Walter and Joaquin
Ayer
murieron dos cosas significativas para mí: Don Walter Ferguson y mi relación de
larga distancia con Joaquín Sabina.
El primero,
padre del calipso limonense, hijo predilecto de este país (justo a tiempo
diputados), artista honesto que dejó la mejor herencia al mundo: fotos
de su querida Cahuita hechas canciones, inmortales, como él. Don Walter, Dr. Bombodee,
Mr Gavit… nunca falla en traer ese olor a mar con Cabin in the Water, esa brisa
con palmeras moviéndose en Callaloo o esa sensación de que el tiempo en Cahuita
pasa mucho mas lento con Carnaval Day. Su calipso personifica la historia de
ese inmigrante afrocaribeño que canta para olvidar, pero igual para celebrar. Su
kryol hermoso y perfecto se enredó toda su vida
con las cuerdas de su guitarra para crear la banda sonora del caribe limonense.
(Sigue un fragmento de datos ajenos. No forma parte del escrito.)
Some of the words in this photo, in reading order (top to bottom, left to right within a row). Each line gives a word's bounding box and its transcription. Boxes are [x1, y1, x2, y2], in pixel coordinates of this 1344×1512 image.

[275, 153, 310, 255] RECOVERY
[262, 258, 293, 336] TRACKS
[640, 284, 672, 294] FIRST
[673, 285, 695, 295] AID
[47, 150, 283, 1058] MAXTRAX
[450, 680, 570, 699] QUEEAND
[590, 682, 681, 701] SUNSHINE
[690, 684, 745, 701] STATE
Los genios no deben morir…pero como negarle el descanso después de 103 años de hacer este país aun mas hermoso. Siga siendo luz, maestro.
El segundo,
la ruptura. Desde que lo conocí, cada vez que Sabina venia a visitarme a Costa
Rica, nos veíamos, cantábamos y casi siempre tenía un preámbulo que involucraba
vino y buenos amigos. Amigos Sabineros, amigos de bombín. Ayer yo no fui a la
cita. Si quería ir, como no?! Si desde hace al menos 3 visitas pensamos que esa
será la última. Pero Joaquinito es mala hierba. Hace varios meses leí un
comentario que por unos segundos me ofendió, pero inmediatamente después me dejó helada. Alguien en twitter decía “ No se que es el romance aun con ese
depredador”, refiriéndose a Joaquín. ¡¿Como se atrevían?!... ¿Como se… puta,
será que tienen razón? Y ahí salió la académica feminista a hacer su interminable
lista de preguntas sin respuesta. Pues sí, el mismo nunca ha tenido reparo de
decir que estrenó unos cuantos hímenes en su mocedad,
y que las caderas jalaban mas que un corazón. Don’t meet your idols, dicen los
gringos. Por décadas, mi sueño era conocerlo, hablarle, decirle
que me ha cantado desde que tengo memoria y que hemos llorado tantas veces que
ya ni se cuentan. Que aun hoy, cuando Alexa me ayuda a escucharlo, vuelve a mi
esa melancolía contradictoria y juvenil que sacude el cuerpo. Pero ayer no fui
a la cita. No se si fue la feminista ortodoxa, la ausencia de Pancho Varona, el
esfuerzo que ahora me toma buscar niñera o el miedo de despedazar a ese ídolo
de juventud porque como él dice, cada vez duele más oírlo…tal vez todas, tal vez
ninguna. Con conciencia y con bastante dolor, decidí dejar ir a Joaquín.
“Si el corazón
no rima con la realidad, cambio de rumbo, sintiéndolo mucho.”